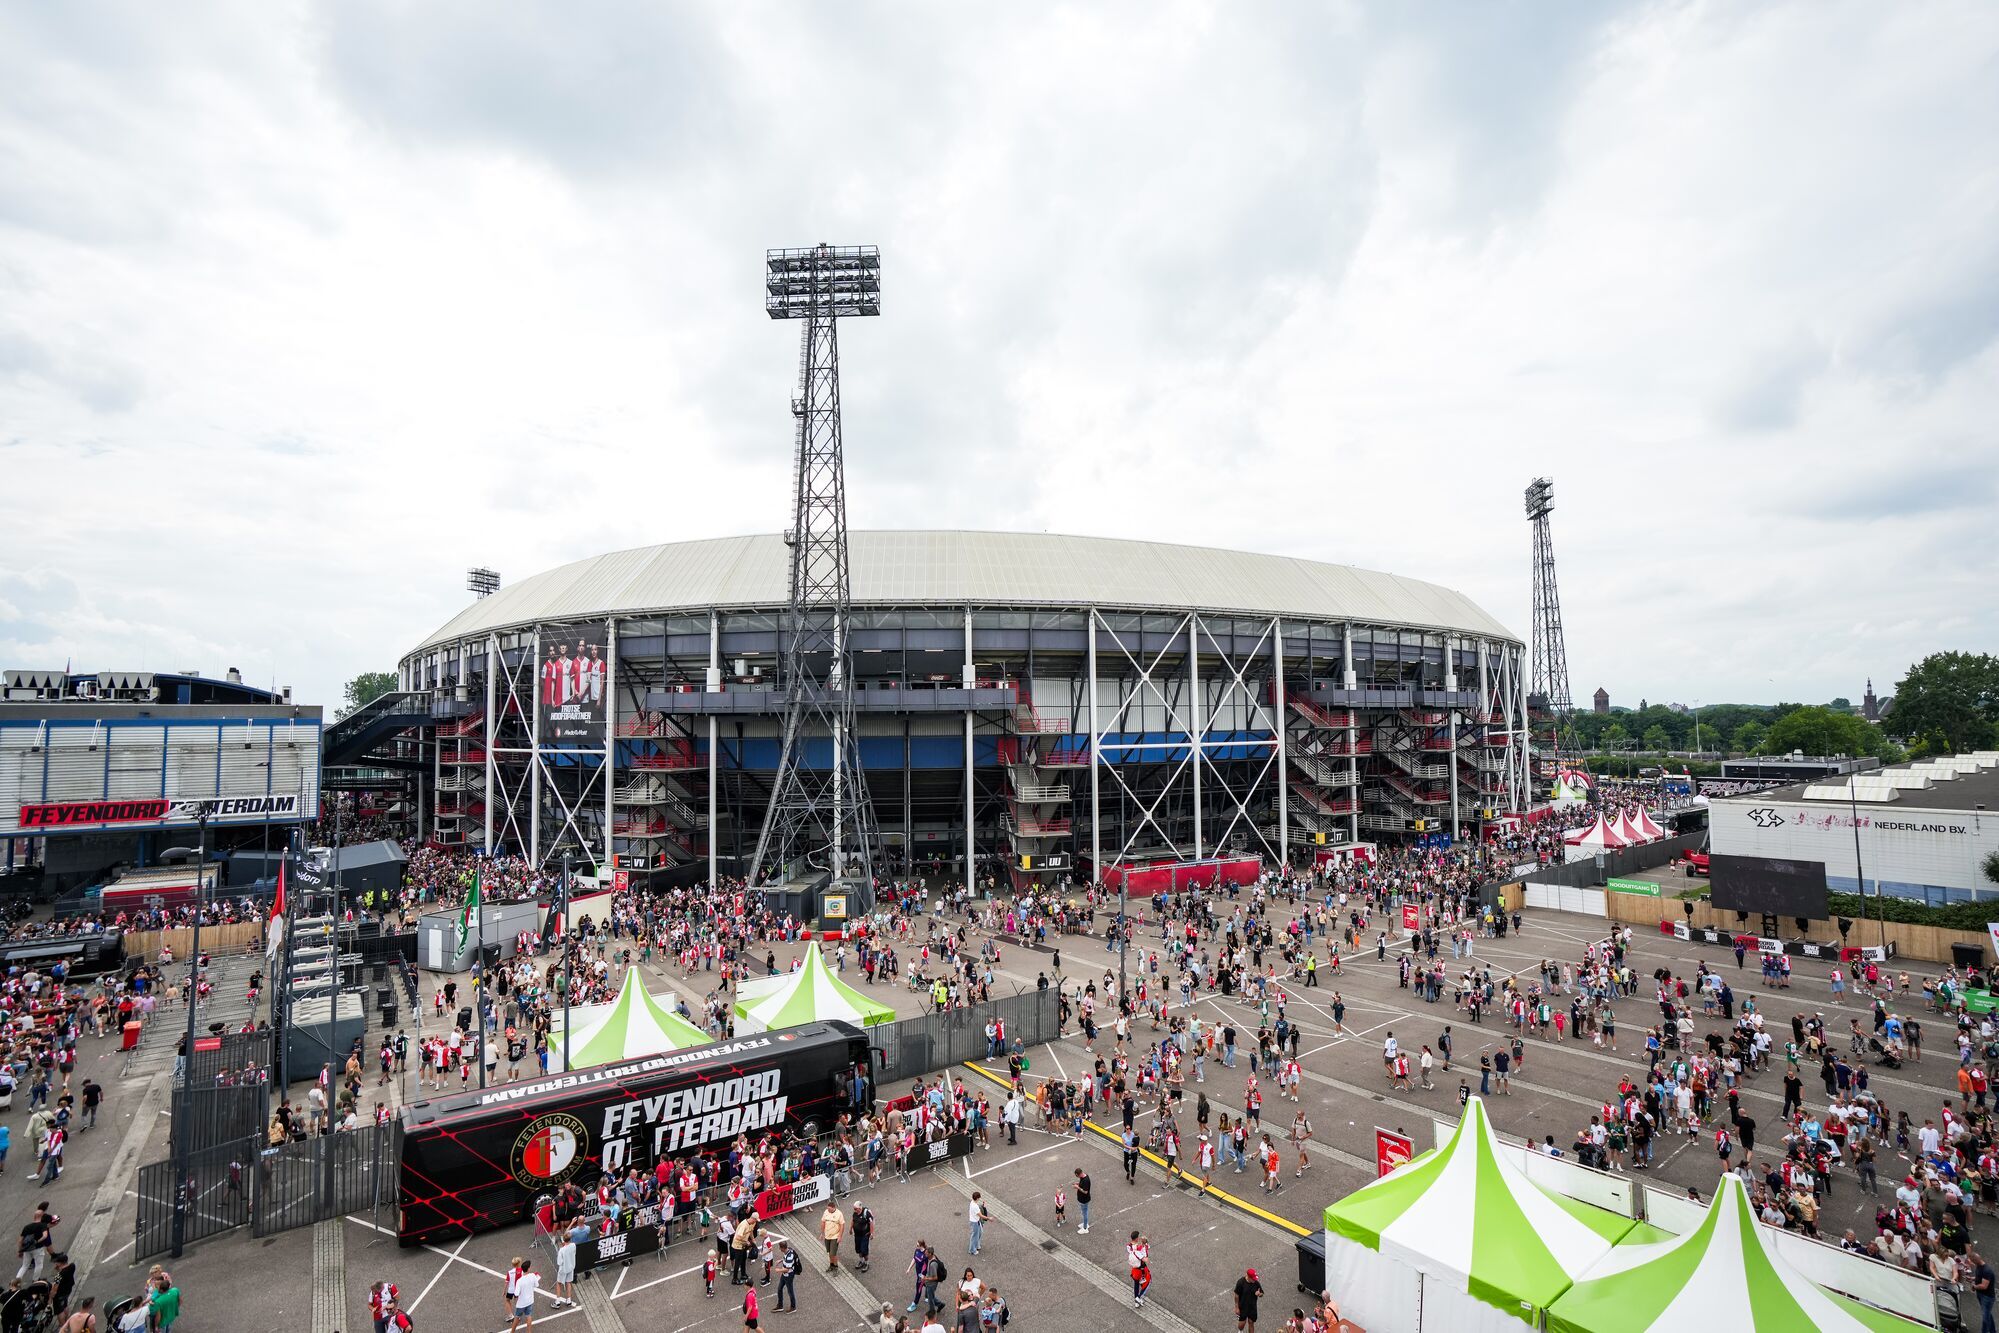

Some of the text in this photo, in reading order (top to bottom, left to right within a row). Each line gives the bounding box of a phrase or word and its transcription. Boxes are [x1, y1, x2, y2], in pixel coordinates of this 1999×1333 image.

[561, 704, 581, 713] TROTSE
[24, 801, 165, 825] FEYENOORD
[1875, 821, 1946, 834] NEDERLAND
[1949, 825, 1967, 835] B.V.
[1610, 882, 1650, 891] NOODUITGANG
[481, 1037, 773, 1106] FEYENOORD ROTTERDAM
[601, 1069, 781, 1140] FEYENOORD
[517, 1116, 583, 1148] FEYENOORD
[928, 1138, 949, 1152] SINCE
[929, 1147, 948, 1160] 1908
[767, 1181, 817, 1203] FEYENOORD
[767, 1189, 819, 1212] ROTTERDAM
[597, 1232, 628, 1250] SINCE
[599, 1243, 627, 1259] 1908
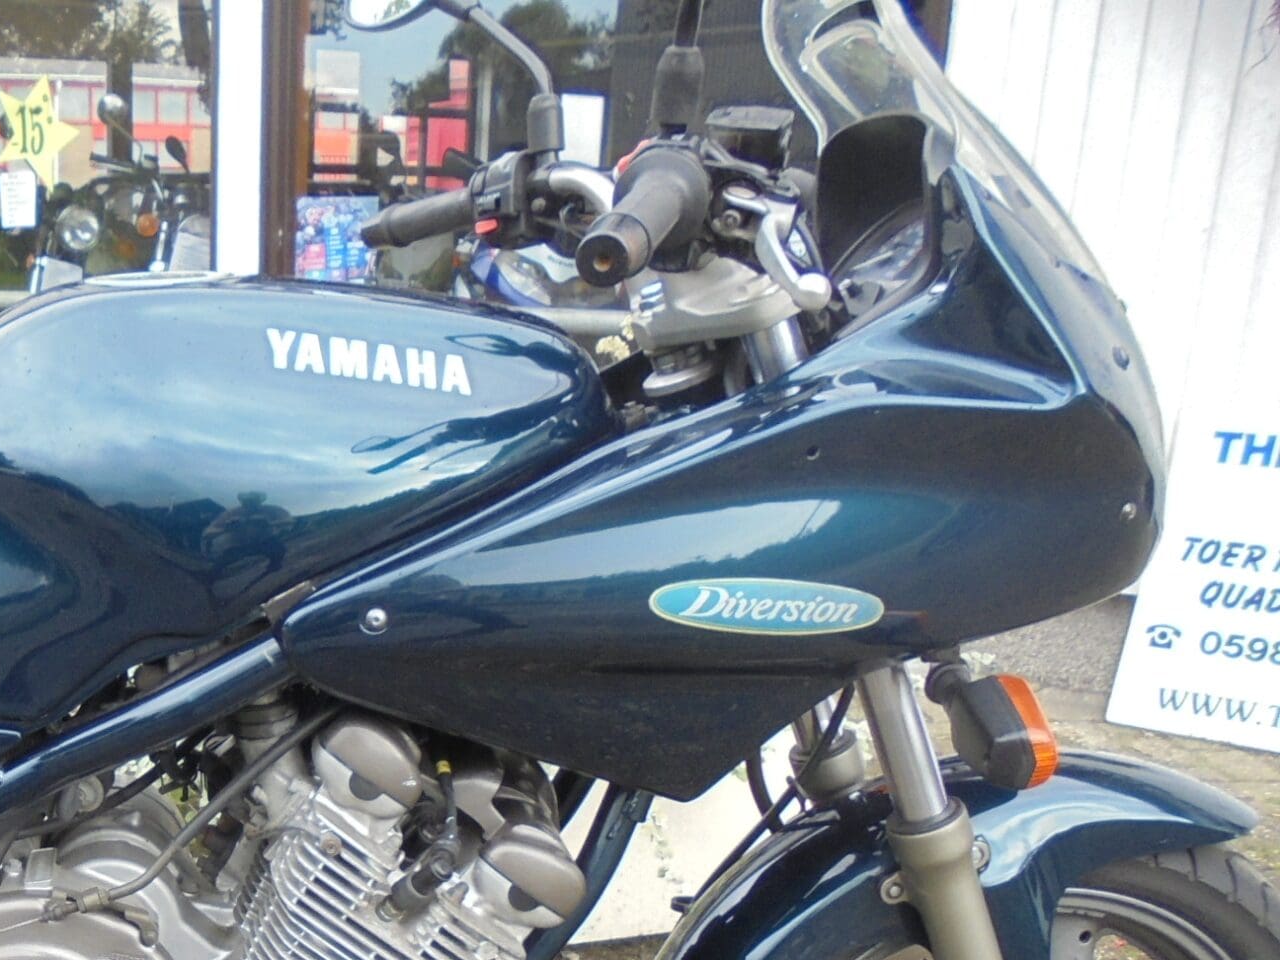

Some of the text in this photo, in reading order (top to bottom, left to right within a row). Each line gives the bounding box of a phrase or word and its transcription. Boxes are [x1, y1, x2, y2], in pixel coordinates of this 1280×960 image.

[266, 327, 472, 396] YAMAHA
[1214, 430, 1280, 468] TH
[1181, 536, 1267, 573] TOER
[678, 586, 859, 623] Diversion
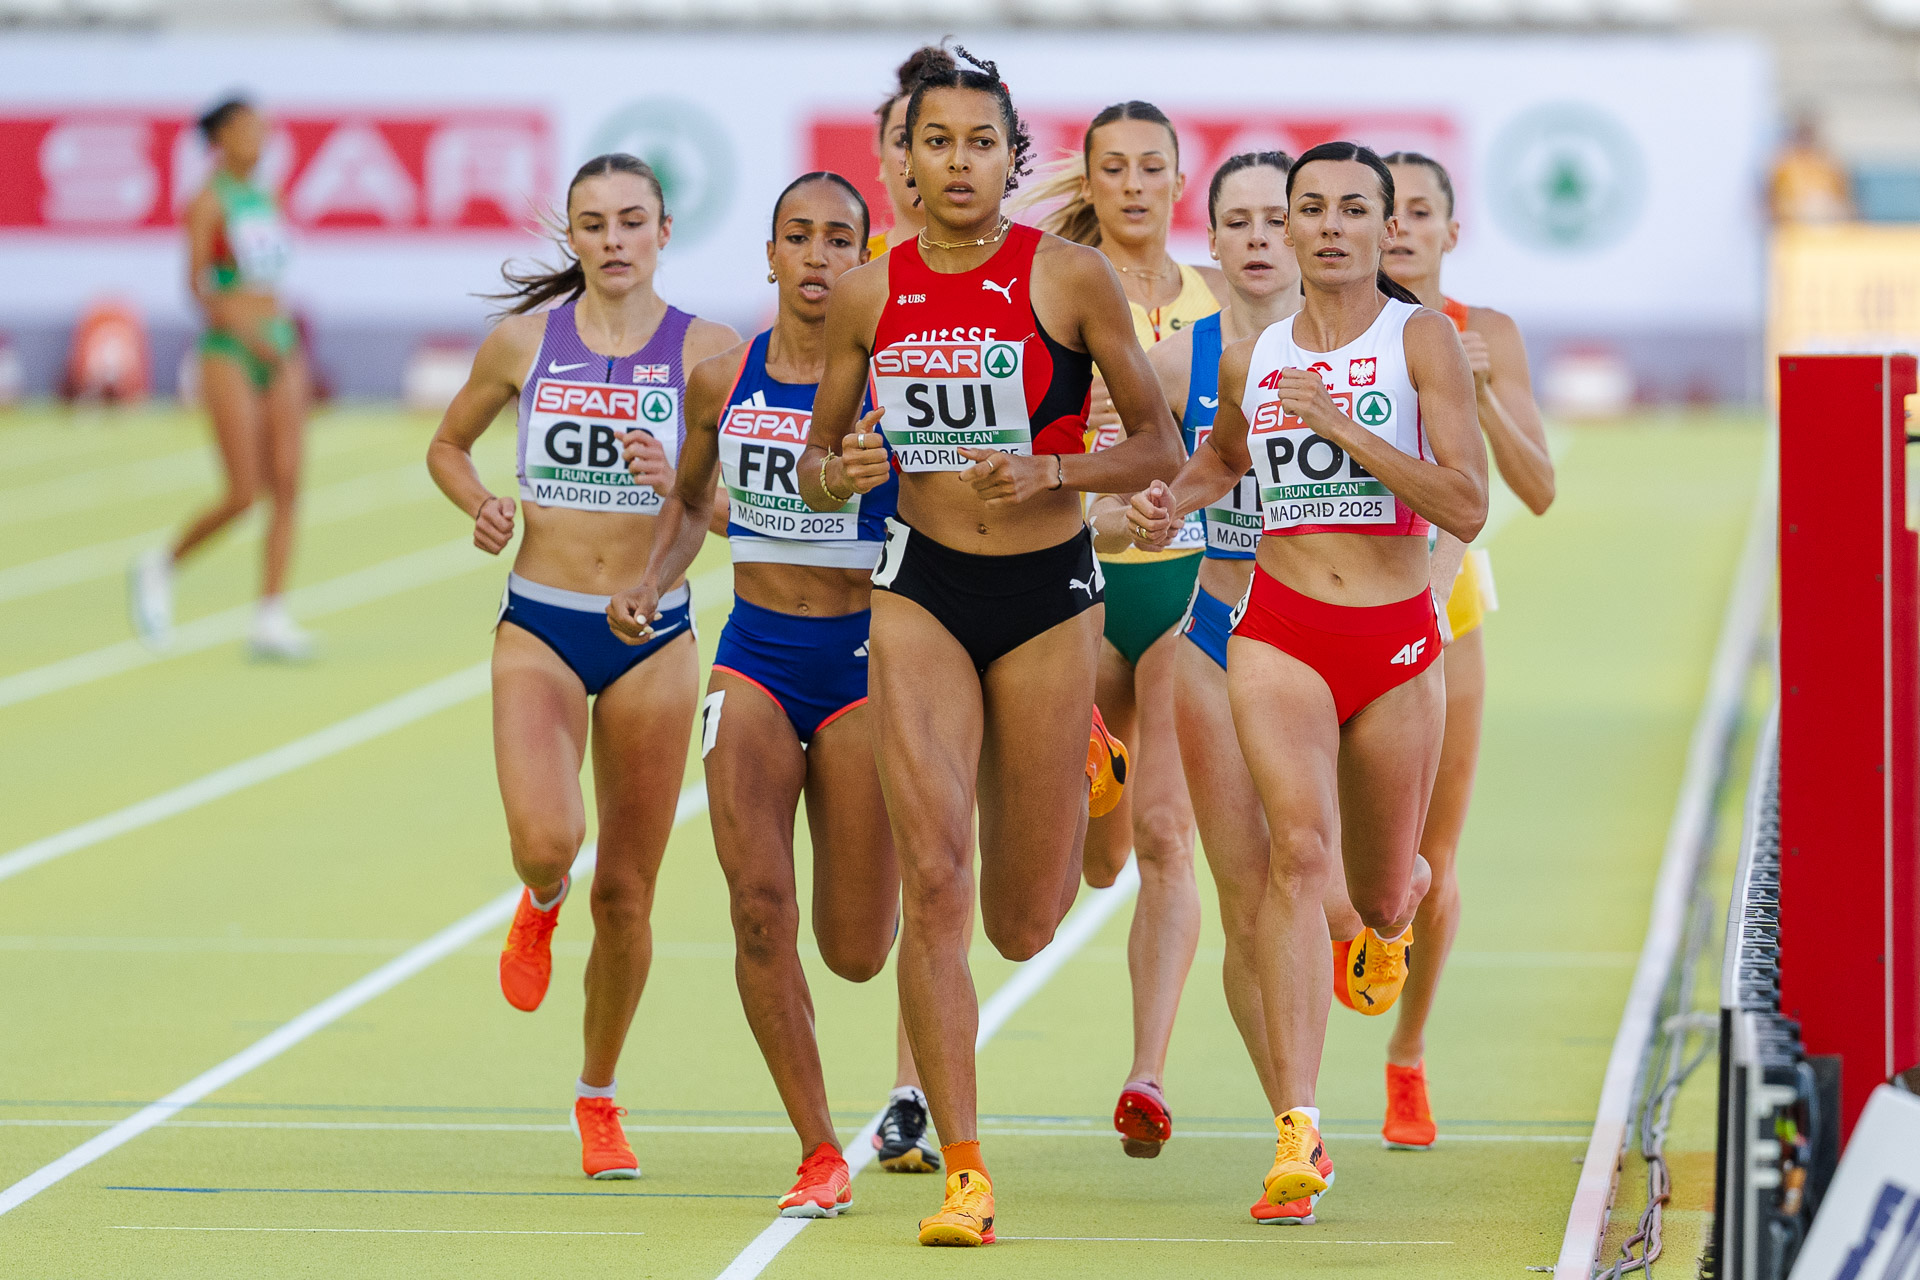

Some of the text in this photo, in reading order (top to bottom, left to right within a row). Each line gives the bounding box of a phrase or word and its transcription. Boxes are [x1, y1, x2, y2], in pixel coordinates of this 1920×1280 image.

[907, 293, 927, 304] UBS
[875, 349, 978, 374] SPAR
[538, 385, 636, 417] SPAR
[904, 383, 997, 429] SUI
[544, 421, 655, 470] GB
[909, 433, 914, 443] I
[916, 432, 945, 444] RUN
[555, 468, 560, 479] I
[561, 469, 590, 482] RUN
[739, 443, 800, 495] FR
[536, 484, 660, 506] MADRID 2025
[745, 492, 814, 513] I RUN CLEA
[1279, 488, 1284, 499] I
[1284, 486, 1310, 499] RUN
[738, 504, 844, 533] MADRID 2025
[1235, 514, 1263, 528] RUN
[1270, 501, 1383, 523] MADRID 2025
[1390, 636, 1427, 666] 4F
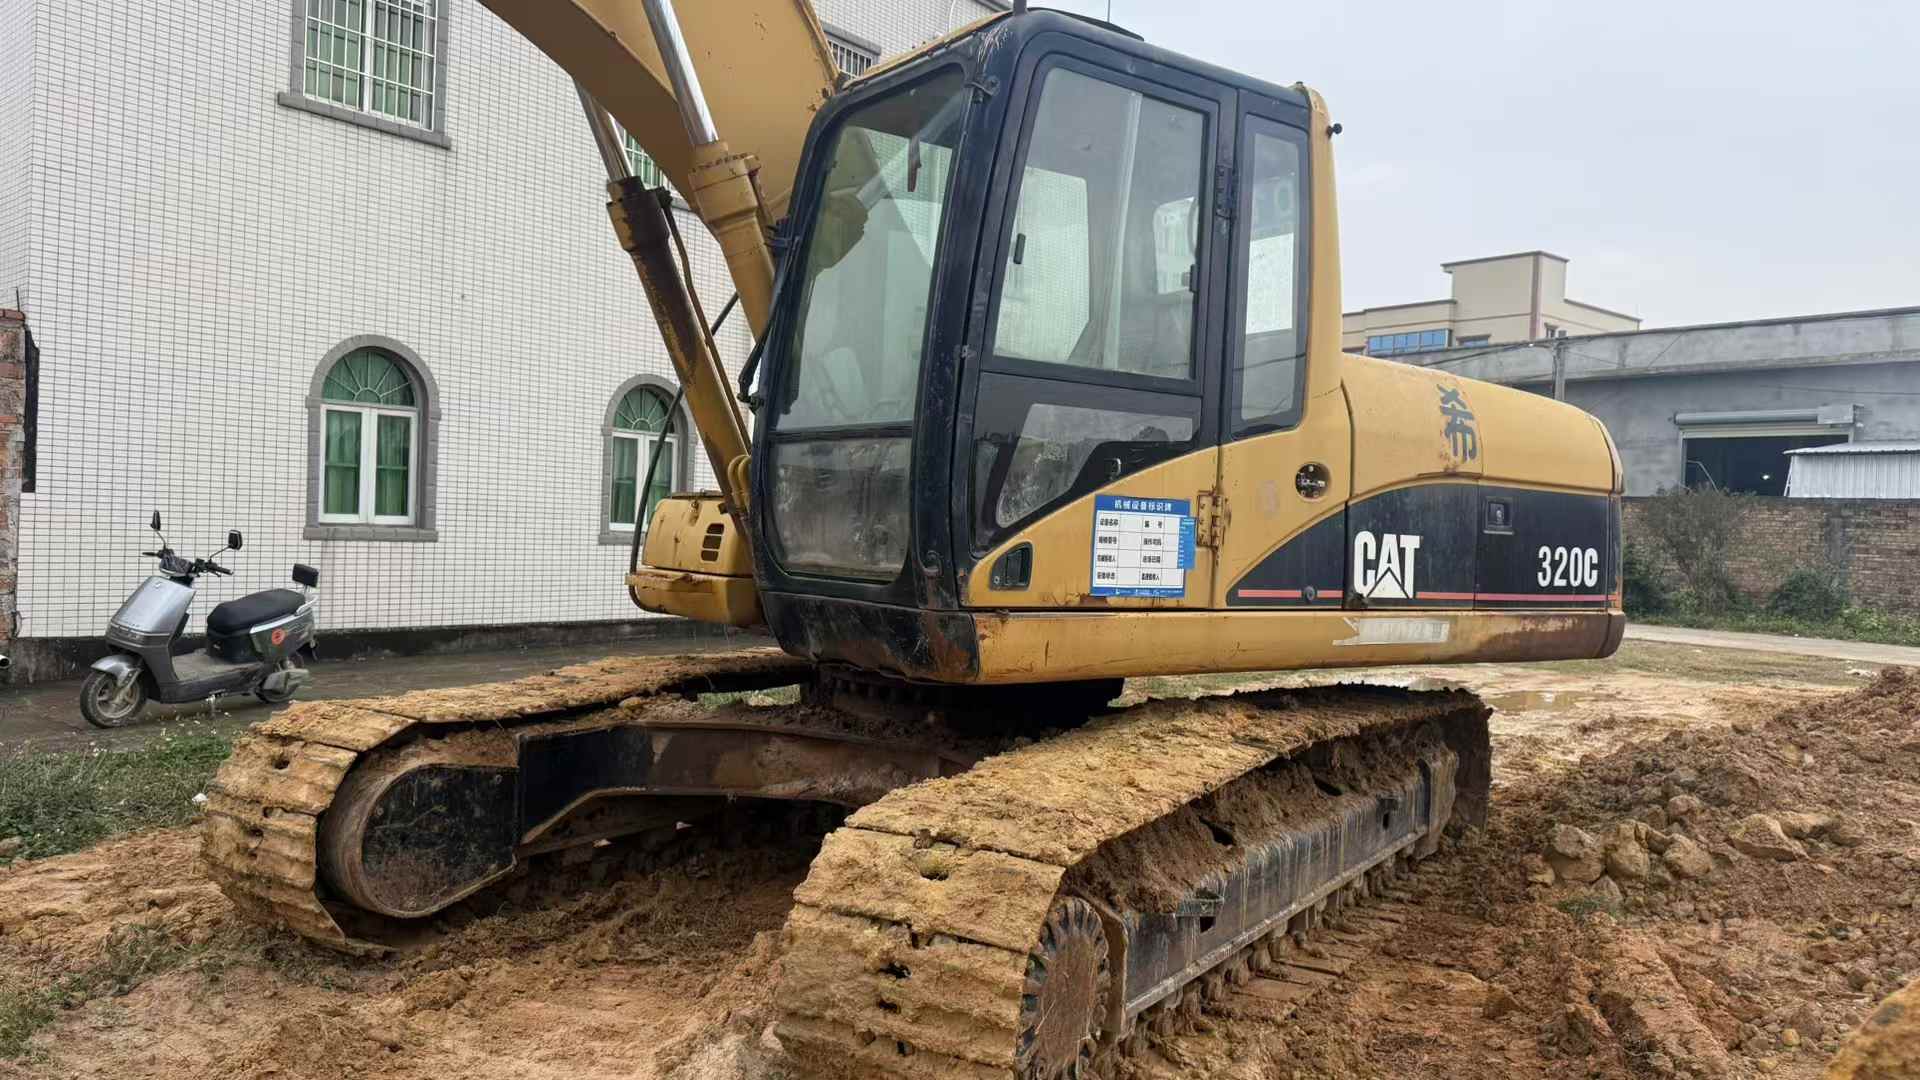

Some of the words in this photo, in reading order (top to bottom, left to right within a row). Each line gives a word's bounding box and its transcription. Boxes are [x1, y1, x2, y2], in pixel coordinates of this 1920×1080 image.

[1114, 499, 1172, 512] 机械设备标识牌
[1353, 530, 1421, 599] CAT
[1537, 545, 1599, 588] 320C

——————

In the copy, include each entry exactly as written and none of the pictures.

Some of the text in this photo, in reading order (top to bottom, left to right within a row). Each line gives the bounding box of a phrase or word and its transcription. Boxes are [x1, y1, x2, y2], in pixel coordinates of this 1999×1333 image.

[561, 704, 581, 713] TROTSE
[24, 801, 165, 825] FEYENOORD
[1875, 821, 1946, 834] NEDERLAND
[1949, 825, 1967, 835] B.V.
[1610, 882, 1650, 891] NOODUITGANG
[481, 1037, 773, 1106] FEYENOORD ROTTERDAM
[601, 1069, 781, 1140] FEYENOORD
[517, 1116, 583, 1148] FEYENOORD
[928, 1138, 949, 1152] SINCE
[929, 1147, 948, 1160] 1908
[767, 1181, 817, 1203] FEYENOORD
[767, 1189, 819, 1212] ROTTERDAM
[597, 1232, 628, 1250] SINCE
[599, 1243, 627, 1259] 1908

Some of the text in this photo, in reading order (top to bottom, left to right within a row). Each line gives the bounding box of a phrase or word and its transcription. Boxes are [x1, y1, x2, y2], in pixel coordinates of this 1280×960 image.

[266, 327, 472, 396] YAMAHA
[1214, 430, 1280, 468] TH
[1181, 536, 1267, 573] TOER
[678, 586, 859, 623] Diversion

Some of the text in this photo, in reading order (top to bottom, left to right within a row). Each line gives the bounding box of a phrase or word and its transcription. Boxes are [x1, y1, x2, y2], in pixel coordinates of this 1920×1280 image.

[907, 293, 927, 304] UBS
[875, 349, 978, 374] SPAR
[538, 385, 636, 417] SPAR
[904, 383, 997, 429] SUI
[544, 421, 655, 470] GB
[909, 433, 914, 443] I
[916, 432, 945, 444] RUN
[555, 468, 560, 479] I
[561, 469, 590, 482] RUN
[739, 443, 800, 495] FR
[536, 484, 660, 506] MADRID 2025
[745, 492, 814, 513] I RUN CLEA
[1279, 488, 1284, 499] I
[1284, 486, 1310, 499] RUN
[738, 504, 844, 533] MADRID 2025
[1235, 514, 1263, 528] RUN
[1270, 501, 1383, 523] MADRID 2025
[1390, 636, 1427, 666] 4F

Some of the words in this photo, in reading order (top to bottom, left to right within a row). Each line gives a word's bounding box and its transcription. Boxes are [x1, y1, x2, y2], in pixel coordinates of this 1920×1080 image.

[1114, 499, 1172, 512] 机械设备标识牌
[1353, 530, 1421, 599] CAT
[1537, 545, 1599, 588] 320C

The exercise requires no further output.